MEXICO: Vamos!

3 minute read
TIME

Long patient lines of frightened Chinese stood in front of the customs house at Nogales last week and tried to get into the U. S. Arizona jails all along the border were filled with them. Into San Francisco harbor came 49 Chinese merchants on the Panama steamer El Salvador. Their money was gone; they were gloomily resigned to returning to Hongkong and poverty.

There were until last week about 15,000 Chinese in Mexico.* They are not coolies. Most of them are prosperous, hard-working shopkeepers and farmers. In the northwestern states of Sonora and Sinaloa, Chinese merchants own about 80% of the grocery shops and vegetable markets. Indolent Mexicans regard the affluent Chinese with sullen eyes.
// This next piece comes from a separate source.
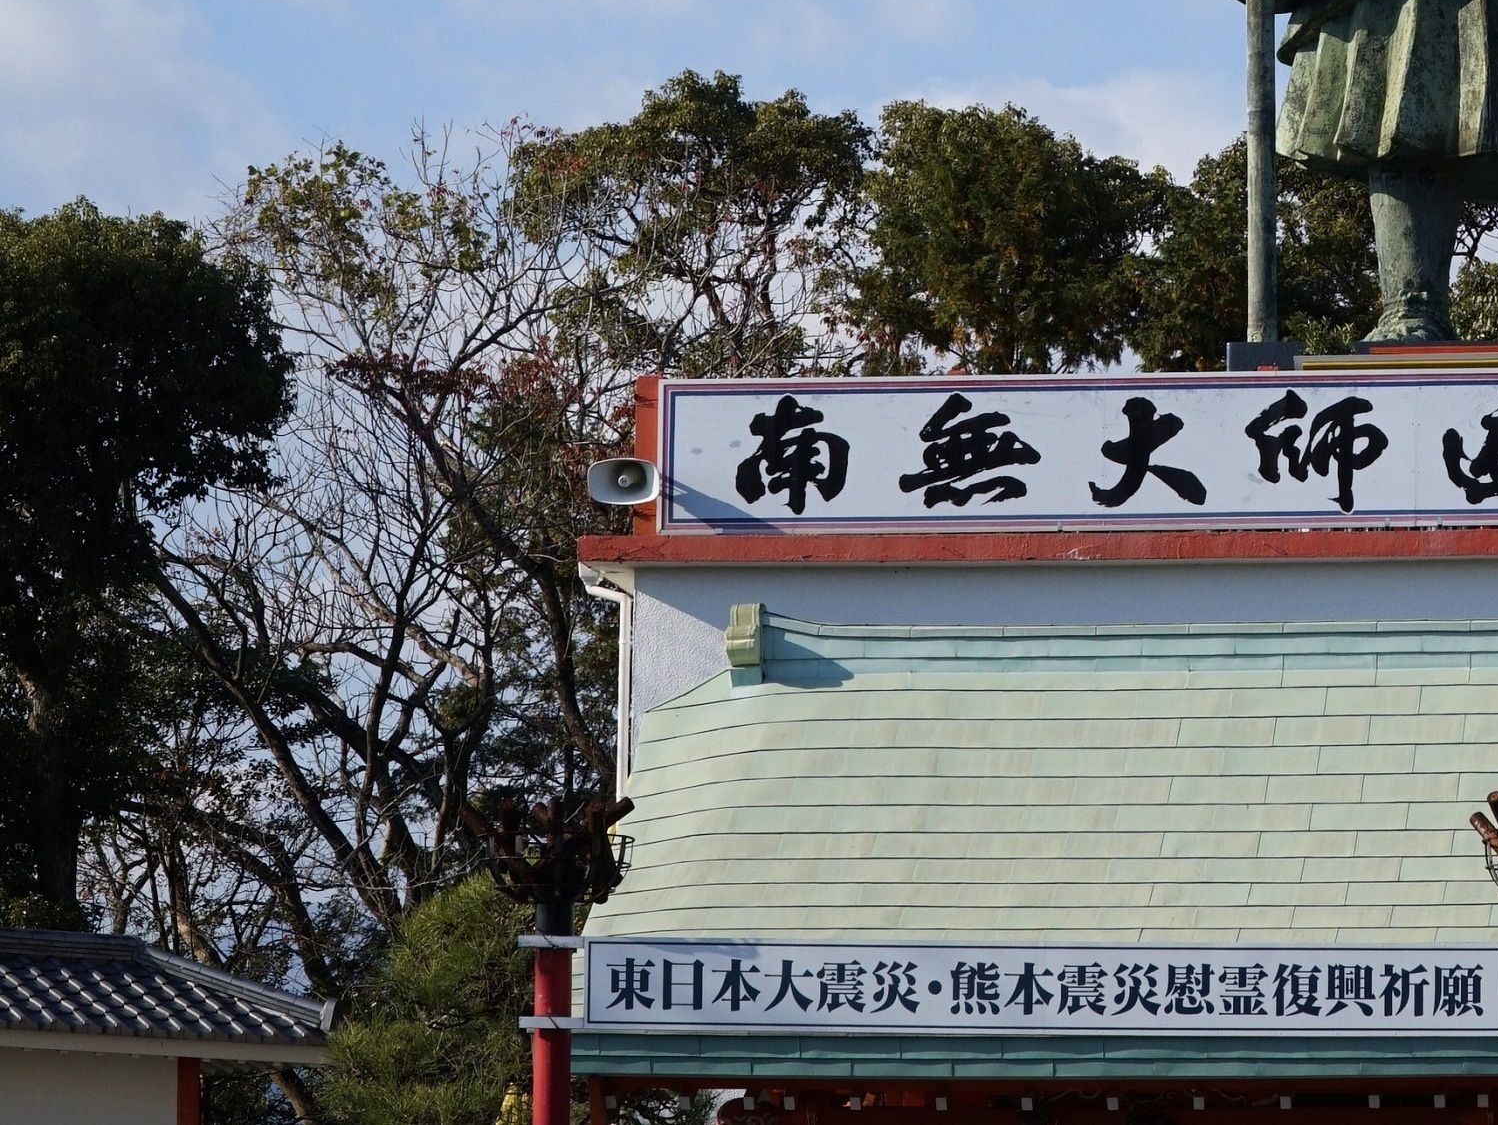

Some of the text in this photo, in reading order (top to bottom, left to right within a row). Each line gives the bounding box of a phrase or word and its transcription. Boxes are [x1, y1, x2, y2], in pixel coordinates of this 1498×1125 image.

There exist several sorts of Mexican Ku Klux Klans. One of them is the Comite Nacionalista Anti-China de la Costa Occidental, known as the Anti-Chinese Society. This society resorted to an old law passed by the Sonora Legislature in 1919, providing that all industrial and mercantile establishments must employ 80% Mexicans. In March 1931 this law was amended to prevent the exclusion of naturalized Chinese clerks anxious to evade the law, but despite its severity no serious attempt was made to enforce it until last June.

Disheartened Mexican laborers were returning from the U. S. in droves, unable to find employment. They were poor, they were hungry and all the grocery stores seemed to be owned by plump, placid Chinese. Nationalistic mobs gathered. At least three Chinese were killed by angry crowds. Stores were broken open, Chinese homes set afire. Town councils forcibly closed other stores; taxes were raised; shop-keepers were fined for non-compliance with the law.

Plutarco Elias Calles’ son, Rodolfo, Governor of Sonora, looked on complacently as the Anti-Chinese Society, backed by local authority, gave orders for the expulsion of all Chinese from his province by Sept. 5. The adjoining states of Sinaloa and Chihuahua issued similar edicts. Chinese grocers had no time to dispose of their property but fled in terror. The Mexican wholesale chain-store, Juan Lung-tain & Co. and Fong qui Co. lost over $1,000,000 each. Long lines of fugitives formed at the border.

In Washington the Chinese Legation protested formally. So did the Nationalist Government in Nanking. As the crisis became acute, rambunctious Governor Calles received quiet orders from Mexico City. The expulsion of Sonera’s Chinese was indefinitely postponed.

Mexico’s anti-Chinese crusade is but one phase of widespread antipathy to foreigners. An anti-Semitic movement has been going on for some time. In last week’s Nation, Correspondent Anita Brenner published a succinct summary of the Jewish situation. Jews were invited by President Calles in 1924 to enter the country, colonize, farm, keep shops. The agricultural program proved unfeasible, but by 1927 there were nearly 20,000 Semites in Mexico, 75% of them concentrated about Mexico City. They peddled, drove taxis, set up small businesses, shrewdly undersold easy-going native merchants. Last spring the National Revolutionary Party, of which President Ortiz Rubio is titular head, started a violent campaign to oust Jews from Mexico. Permits allowing them to trade in the markets were recalled. As a result, some Jews in Mexico City are starving. All, says Correspondent Brenner, live in daily dread of a pogrom.

* Mexico’s total population: 14,235,000. Among aliens. Chinese in Mexico rank fourth, after Spaniards, U. S. citizens and Guatemalans.